Dr Magrath was born on the Isle of Man in 1944 and was educated in London, where he attended Charing Cross Medical School and graduated in 1967. He studied paediatric medicine and oncology at the University of London. Later, he moved to the USA and joined the United States National Cancer Institute (NCI) as an attending physician, senior investigator, and then Head of Pediatric Oncology and Head of the Lymphoma Biology Section. At the NCI, he taught clinical associates in paediatric oncology and conducted basic research in malignant lymphomas and Epstein–Barr virus, as well as in more clinically oriented aspects of treatment. Dr Magrath published more than 170 scientific papers. His research focused on biological and clinical aspects of lymphoma and especially Burkitt lymphoma (including contributions to two IARC Scientific Publications on this topic). His long-lasting interest in Burkitt lymphoma was developed in the early 1970s, when he worked at the Uganda Cancer Institute, and he retained a lifelong devotion to the management of paediatric cancer in low- and middle-income countries.

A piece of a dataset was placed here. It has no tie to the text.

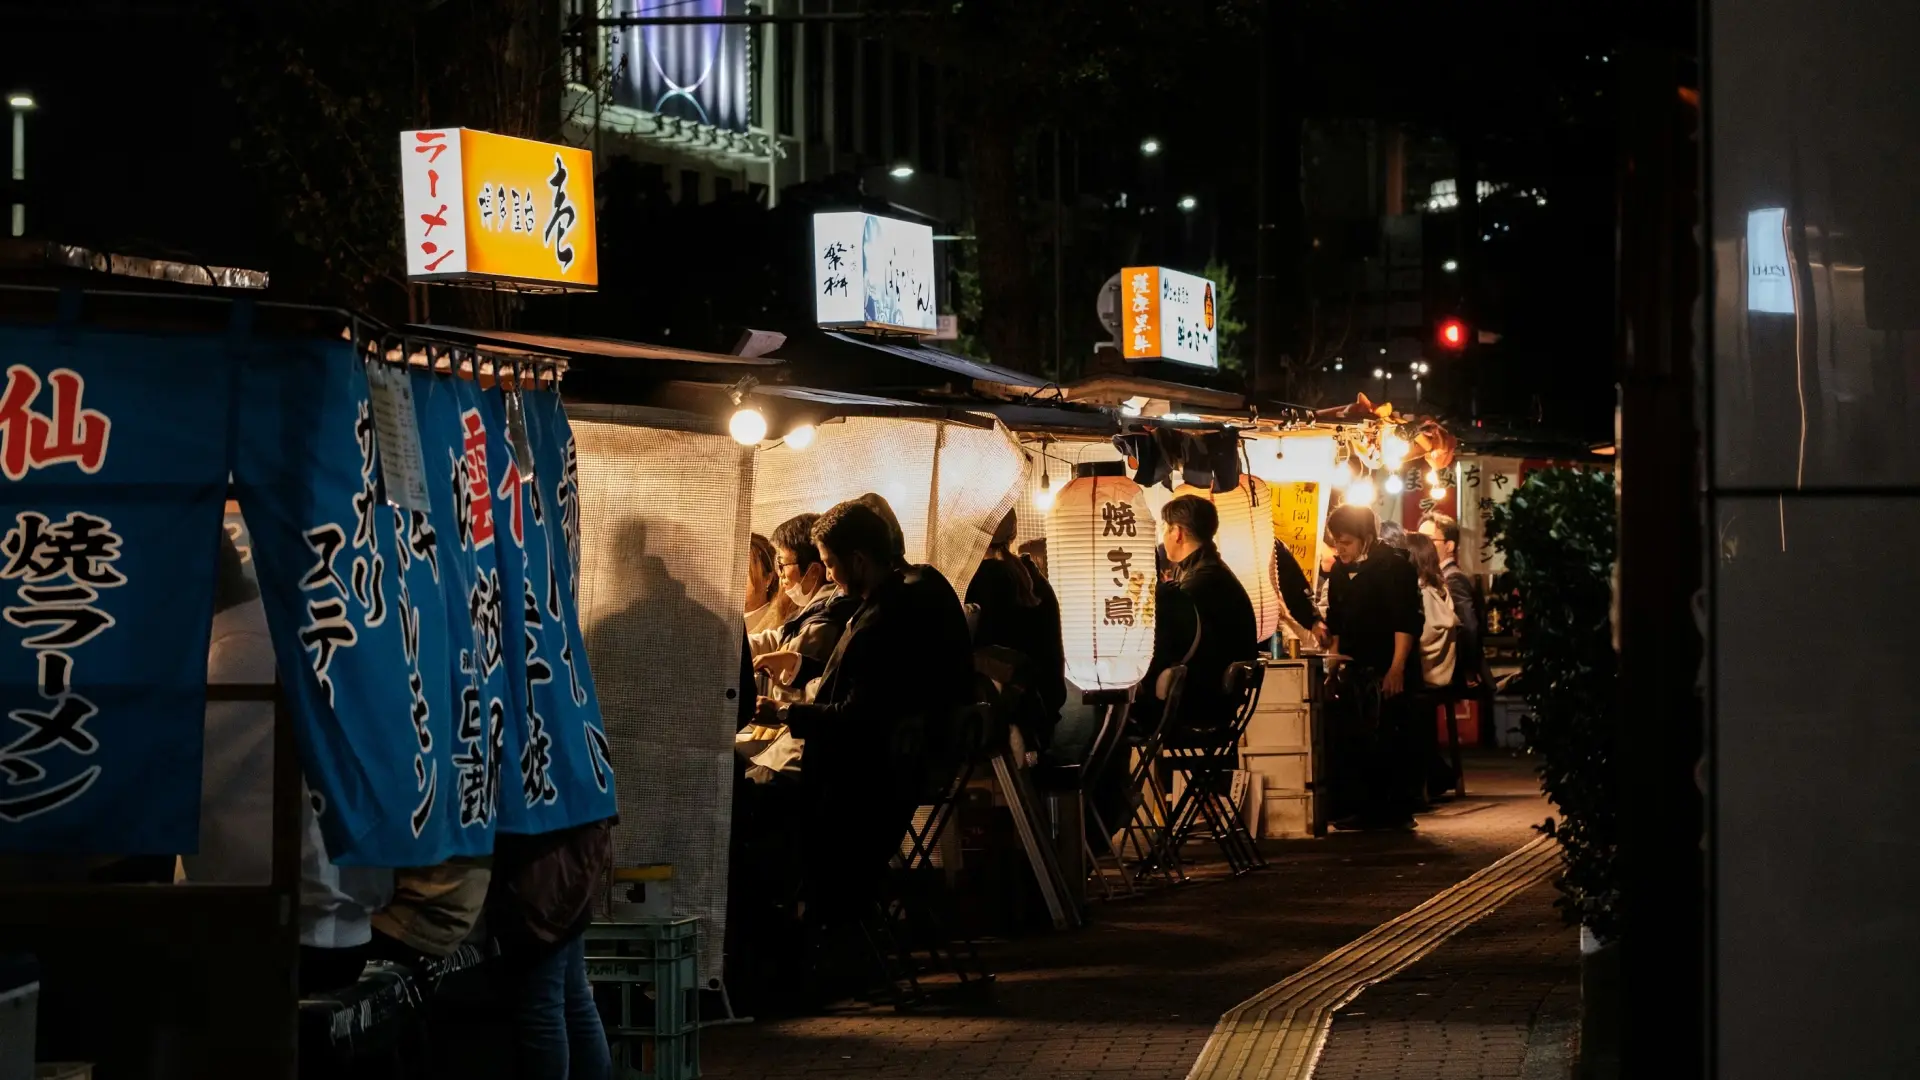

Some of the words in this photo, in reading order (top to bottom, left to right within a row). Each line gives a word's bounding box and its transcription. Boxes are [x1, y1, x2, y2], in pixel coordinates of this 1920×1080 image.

While he remained a staff member of the NCI, Dr Magrath was instrumental in establishing INCTR, a not-for-profit, nongovernmental organization founded in 1998 by the International Union Against Cancer (now known as the Union for International Cancer Control; UICC) and the Institut Pasteur in Brussels, and he became its first president. INCTR was supported by the NCI until 2012 and was located at the Institut Pasteur in Brussels. INCTR had branches in many countries, and the programme of research collaboration, education, and training aimed to help low- and middle-income countries to develop an increased understanding of the causes of and predisposition to regionally important cancers, and to increase survival rates and the quality of life in patients with cancer. In this context, INCTR supported cancer registration in Africa, notably in the period 2004–2008, when funding from other sources was limited.

Dr Magrath was an idealist. A gentle man and a gentleman, he was determined to make a difference in his chosen calling: building capacity for cancer treatment in countries where resources were either poorly provided or non-existent. He was in many ways a visionary. In the first decade of this century – when there was little or no interest in the concept of “global cancer” – through INCTR he built up a worldwide network of clinical and scientific experts. Compassionate and generous to his colleagues, he placed a high value on collaboration and service to others.

After developing Parkinson’s disease in the last years of his life, Dr Magrath was cared for by his partner Ms Melissa Adde, who eventually succeeded him as the president of INCTR. Tragically, Ms Adde passed away shortly after Dr Magrath. Their work, and the example of lifetime commitment that they provided, touched many people’s lives, and they will be sorely missed by those who had the privilege to know them.

IARC and SIOP conveys its deepest and heartfelt condolences to Dr Magrath’s family, friends, and colleagues.